Ken’s Big Band Staff played the Idyllwild Summer Concert Series in 2017. The band returns to the stage Aug. 15.    File Photo

Ken’s Big Band Staff returns to Idyllwild Thursday, Aug. 15. Led by Ken Dahleen, the creator and producer of the Idyllwild Summer Concert Series, the Big Band Staff will sweep you off your feet with luxurious harmonies and rhythms beyond 3/4.

The heyday of big bands was the 1930s and 1940s. But they are neither extinct nor relegated to museums. Ken’s Big Band Staff was formed and has been performing since 1991.

“We were popular throughout Southern California. Organizers always invited a big band to their summer concerts,” Dahleen said. Consequently, they kept wanting to perform in Idyllwild, but there was no venue.

Finally, in 2000, Ken met with some local people and secured funding to offer a summer concert series. Big Band highlighted the first year of the ISCS, when only four concerts were performed. 

They easily draw some of the biggest attendance to the ISCS. ”I suspect there will be dancing and lot of high energy,” he promised.

Big bands with trumpets, trombones, saxophones and rhythm are smaller than an orchestra, but they offer much more sound and harmony than rock ‘n’ roll, hard rock or metallic rock from guitars and drums.

Ken’s Big Band Staff, while a completely different sound from country, offers the audience the same finger snappin’ foot stompin’ feelings to get up and dance with a partner.

Besides organizing the ISCS and directing the Big Band Staff, Dahleen also plays the saxophone in the band. He grew up playing the saxophone.

Dahleen also played in the Marine Corps Band, but that is not why he enlisted. After seeing his talent, the Corps assigned him to the band. However, living in the desert and raising a family left little time for practice, rehearsals or performances, so he quit playing for nearly two decades.

Friends eventually persuaded him to unretire and play again. “I was never back to where I was,” he admitted. The Big Band Staff is a supreme example of that period when jazz was the dominant American music genre and the audience loved to listen and to dance with the music.

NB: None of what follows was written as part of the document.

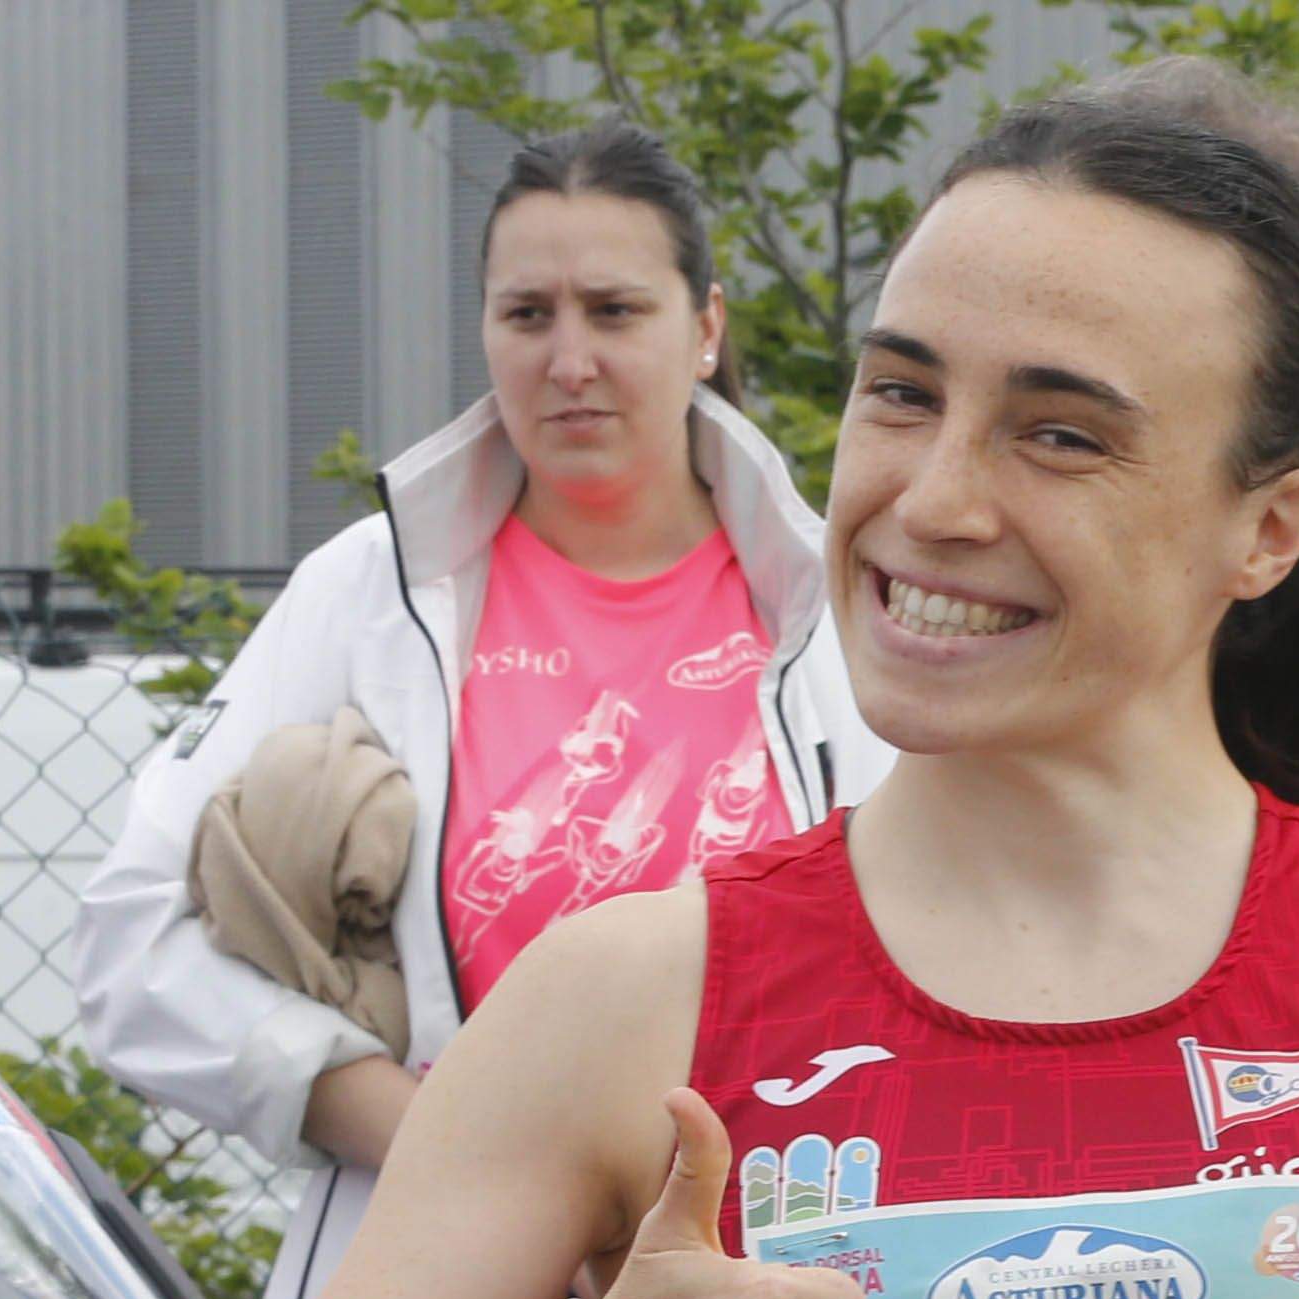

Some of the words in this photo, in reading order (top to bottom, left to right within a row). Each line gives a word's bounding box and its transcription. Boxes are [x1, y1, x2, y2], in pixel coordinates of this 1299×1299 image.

Fortunately for the Idyllwild audience, Dahleen and the Big Band Staff are not cemented to the last century. While he has not compiled his play list yet, Dahleen promised “recognizable tunes from the big band era and many recognizable jazz tunes — older and newer.”

“The ISCS original concept was as selection of different genres,” he said. “That way everybody would have at least one night of their favorite music.”

At 7 p.m. on Aug. 15, the Big Band Staff will fill Strawberry Creek with flowing sounds of harmony and rhythms.